Your objective -
Each line below must be set down exactly; omit any image you find.

[Annotated photo localization data]
%%

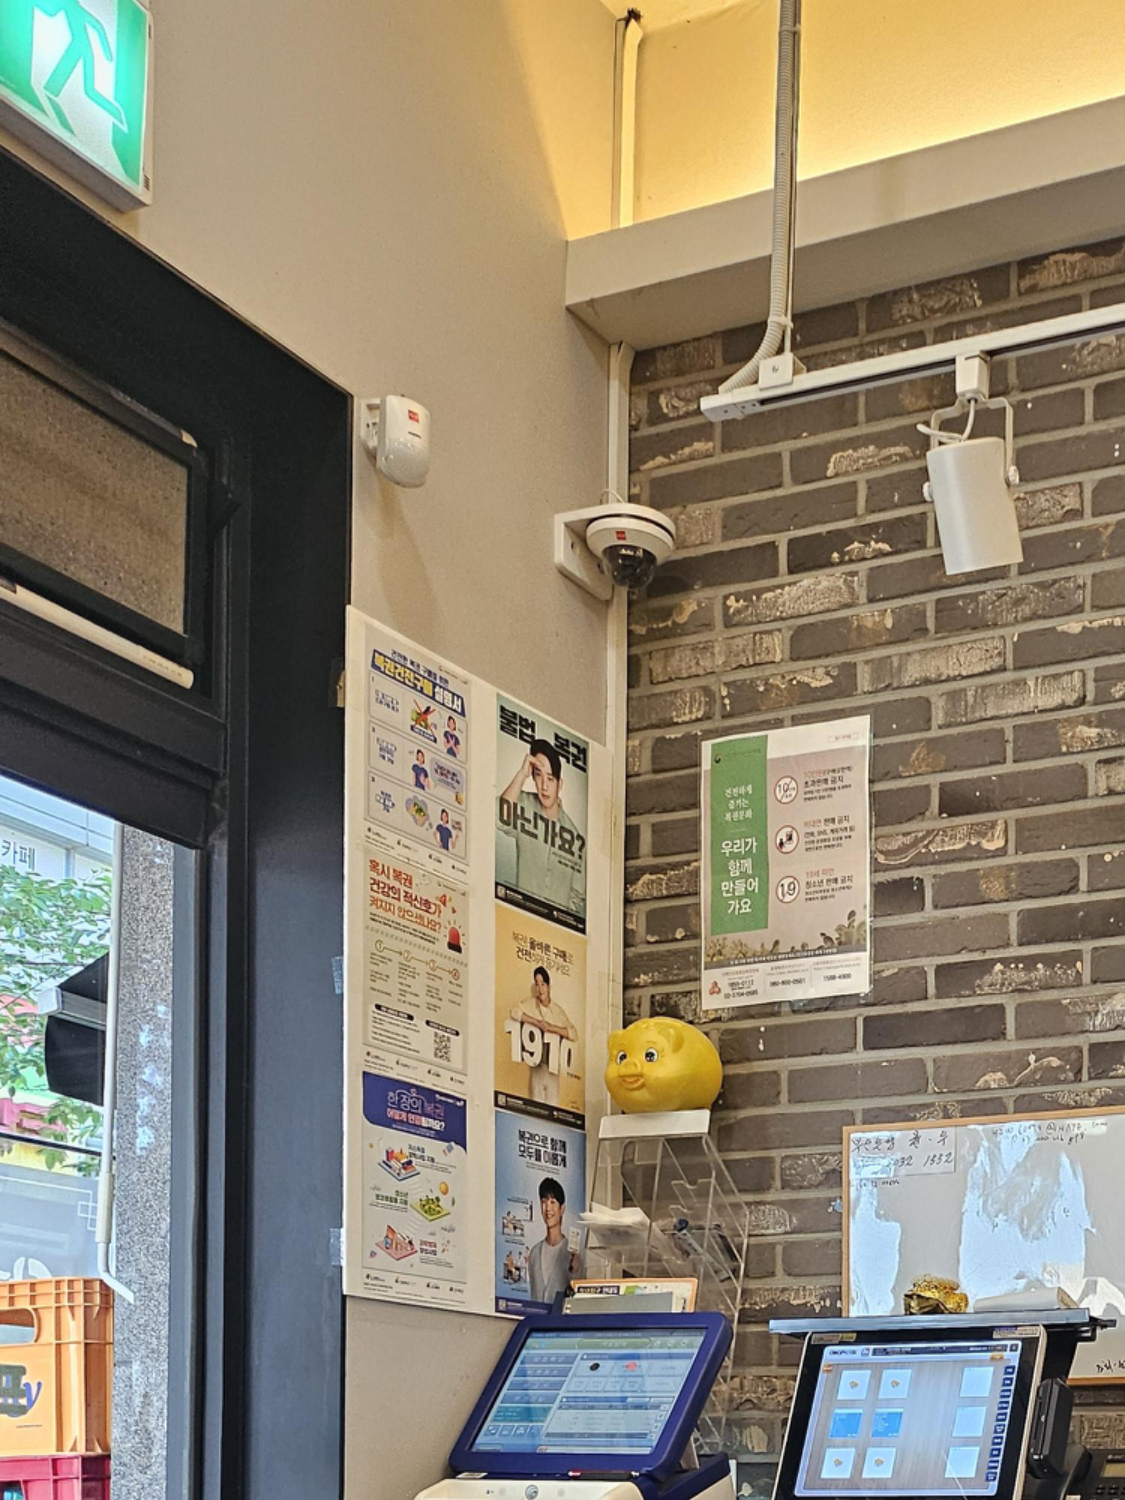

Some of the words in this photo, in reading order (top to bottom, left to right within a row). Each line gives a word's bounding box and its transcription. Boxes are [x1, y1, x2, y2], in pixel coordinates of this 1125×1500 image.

[499, 704, 536, 746] 불법
[554, 732, 587, 773] 복권
[499, 797, 586, 860] 아닌가요?
[1, 839, 35, 871] 카페
[721, 837, 757, 857] 우리가
[368, 859, 390, 881] 혹시
[393, 868, 413, 889] 복권
[728, 858, 752, 876] 함께
[369, 877, 401, 902] 건강의
[404, 890, 442, 918] 적신호가
[721, 877, 758, 897] 만들어
[780, 881, 796, 898] 19
[369, 896, 396, 917] 켜지지
[728, 898, 752, 915] 가요
[529, 937, 551, 957] 올바른
[518, 1130, 549, 1149] 복권으로
[550, 1137, 567, 1155] 함께
[518, 1145, 541, 1162] 모두를
[543, 1152, 567, 1168] 이롭게
[924, 1152, 953, 1167] 1552

%%

Task solution -
Some of the words in this photo, in reading order (top to bottom, left to right within a row). Each line gives a word's bounding box and its transcription. Boxes are [x1, y1, x2, y2], in pixel coordinates of this 1125×1500 image.

[499, 704, 536, 746] 불법
[554, 732, 587, 773] 복권
[499, 797, 586, 860] 아닌가요?
[1, 839, 35, 871] 카페
[721, 837, 757, 857] 우리가
[368, 859, 390, 881] 혹시
[393, 868, 413, 889] 복권
[728, 858, 752, 876] 함께
[369, 877, 401, 902] 건강의
[404, 890, 442, 918] 적신호가
[721, 877, 758, 897] 만들어
[780, 881, 796, 898] 19
[369, 896, 396, 917] 켜지지
[728, 898, 752, 915] 가요
[529, 937, 551, 957] 올바른
[518, 1130, 549, 1149] 복권으로
[550, 1137, 567, 1155] 함께
[518, 1145, 541, 1162] 모두를
[543, 1152, 567, 1168] 이롭게
[924, 1152, 953, 1167] 1552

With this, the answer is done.